Ficciones gauchopunks: sci fi, civilización y barbarie
Una muestra gratis del libro

La caja traía seis piezas (cabeza, brazos, torso y piernas, que eran de muy fácil ensamblaje) además de ropa y una guitarra. Una vez que lo armé y lo vestí, su piel fue aban­donando la palidez hasta hacerse rosada; sus soñolientos párpados se alzaron y el rostro, antes inexpresivo, se ilumi­nó de un no sé qué cándido: como la expresión de un niño, imaginé, que despierta.

Salud, patrón, soy don Chuma, se presentó. No necesité escandir su primera oración: octosílaba.

Al androide, o gauchoide, para ser más precisos, lo había comprado cuando volví a Buenos Aires de Colombia, después de las extrañas circunstancias que me habían de­parado el libro Papelera de reciclaje. Mis desarreglos men­tales, el temor a una nueva recaída o, sin más, a la pura de­mencia, me habían sugerido la necesidad de una ayuda para mis faenas cotidianas, que transcurrían en la soledad del departamento donde trabajaba y vivía. Por otro lado, como mi familia era de campo, de San Antonio de Areco, y como había pasado allí mi infancia, pensé que la compañía de un androide modelo gauchoide,  hasta donde era posi­ble, estimularía un nuevo contacto con esos años tan feli­ces de mi vida , y quizá así, también, sobrellevaría mejor mi depresión.

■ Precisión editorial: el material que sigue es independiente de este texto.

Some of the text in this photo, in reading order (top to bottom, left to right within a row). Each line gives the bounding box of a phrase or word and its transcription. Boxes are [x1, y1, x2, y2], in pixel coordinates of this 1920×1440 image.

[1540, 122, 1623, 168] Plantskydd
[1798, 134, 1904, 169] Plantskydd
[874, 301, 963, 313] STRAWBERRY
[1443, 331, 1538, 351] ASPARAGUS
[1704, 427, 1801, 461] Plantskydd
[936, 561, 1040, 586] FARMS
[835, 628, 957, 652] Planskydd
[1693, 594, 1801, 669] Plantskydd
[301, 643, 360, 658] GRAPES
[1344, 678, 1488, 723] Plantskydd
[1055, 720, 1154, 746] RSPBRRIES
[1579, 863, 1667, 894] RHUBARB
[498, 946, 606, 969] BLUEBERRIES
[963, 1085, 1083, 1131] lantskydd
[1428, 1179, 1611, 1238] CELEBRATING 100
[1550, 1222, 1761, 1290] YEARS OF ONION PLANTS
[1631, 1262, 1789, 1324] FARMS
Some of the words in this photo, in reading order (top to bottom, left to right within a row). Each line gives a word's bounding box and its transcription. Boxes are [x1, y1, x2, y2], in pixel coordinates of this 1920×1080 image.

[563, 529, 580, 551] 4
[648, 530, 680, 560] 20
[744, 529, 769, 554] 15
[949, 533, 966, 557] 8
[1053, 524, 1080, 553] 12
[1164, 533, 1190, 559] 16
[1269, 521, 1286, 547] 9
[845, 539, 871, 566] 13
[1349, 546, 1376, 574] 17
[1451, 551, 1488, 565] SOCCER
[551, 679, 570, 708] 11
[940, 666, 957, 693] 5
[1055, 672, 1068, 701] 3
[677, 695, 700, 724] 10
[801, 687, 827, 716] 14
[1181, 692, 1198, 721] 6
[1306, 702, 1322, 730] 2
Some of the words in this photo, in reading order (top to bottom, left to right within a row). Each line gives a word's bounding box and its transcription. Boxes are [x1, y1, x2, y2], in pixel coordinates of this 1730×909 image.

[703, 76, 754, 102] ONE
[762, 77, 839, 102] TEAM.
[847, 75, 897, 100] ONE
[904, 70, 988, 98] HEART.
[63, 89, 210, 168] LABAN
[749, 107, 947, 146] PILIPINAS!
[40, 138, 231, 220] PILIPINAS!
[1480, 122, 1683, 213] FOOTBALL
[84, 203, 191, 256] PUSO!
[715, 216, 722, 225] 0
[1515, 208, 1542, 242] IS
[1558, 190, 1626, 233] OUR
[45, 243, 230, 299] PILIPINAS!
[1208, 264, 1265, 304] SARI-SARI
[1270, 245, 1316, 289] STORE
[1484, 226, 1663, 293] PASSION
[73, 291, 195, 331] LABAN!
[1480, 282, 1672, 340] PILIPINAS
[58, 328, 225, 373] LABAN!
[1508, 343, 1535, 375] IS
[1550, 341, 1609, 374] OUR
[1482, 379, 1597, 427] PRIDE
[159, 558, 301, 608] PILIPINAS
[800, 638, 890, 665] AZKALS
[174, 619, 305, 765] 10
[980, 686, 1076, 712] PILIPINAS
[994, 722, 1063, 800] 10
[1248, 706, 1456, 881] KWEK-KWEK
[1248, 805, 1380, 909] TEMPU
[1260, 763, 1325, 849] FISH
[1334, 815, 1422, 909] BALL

¡Y qué alegría y qué alivio habían sido esos primeros días con don Chuma, mi gauchoide!

Sin ofrecerle demasiadas instrucciones, de manera in­mediata aprendió dónde se guardaba cada utensilio do­méstico, y ya desde la primera mañana me acostumbré a despertar y a caminar guiado por el olor de las tortas fritas que él dejaba, junto al mate, sobre la mesa. Sabía amenizar estos desayunos rasgando su guitarra mientras recitaba al­guna estrofa del Martín Fierro o de Santos Vega, que cono­cía enteros, o bien zapateando una chacarera. Tampoco me escatimaba (él no lo sabía, instaladas artificialmente en su memoria) anécdotas sobre la vida en el campo: los atarde­ ceres de ginebra en la pulpería, con los paisanos; el senti­miento oceánico y casi místico de galopar la pampa sobre el zaino; algún duelo remoto que justificaba cierta cicatriz de su frente; el recuerdo de alguna china que explicaba cicatri­ces de las otras, las del corazón, entre otras historias que se desplegaban por las sobremesas de las comidas, y que me endulzaban de una manera inexplicable.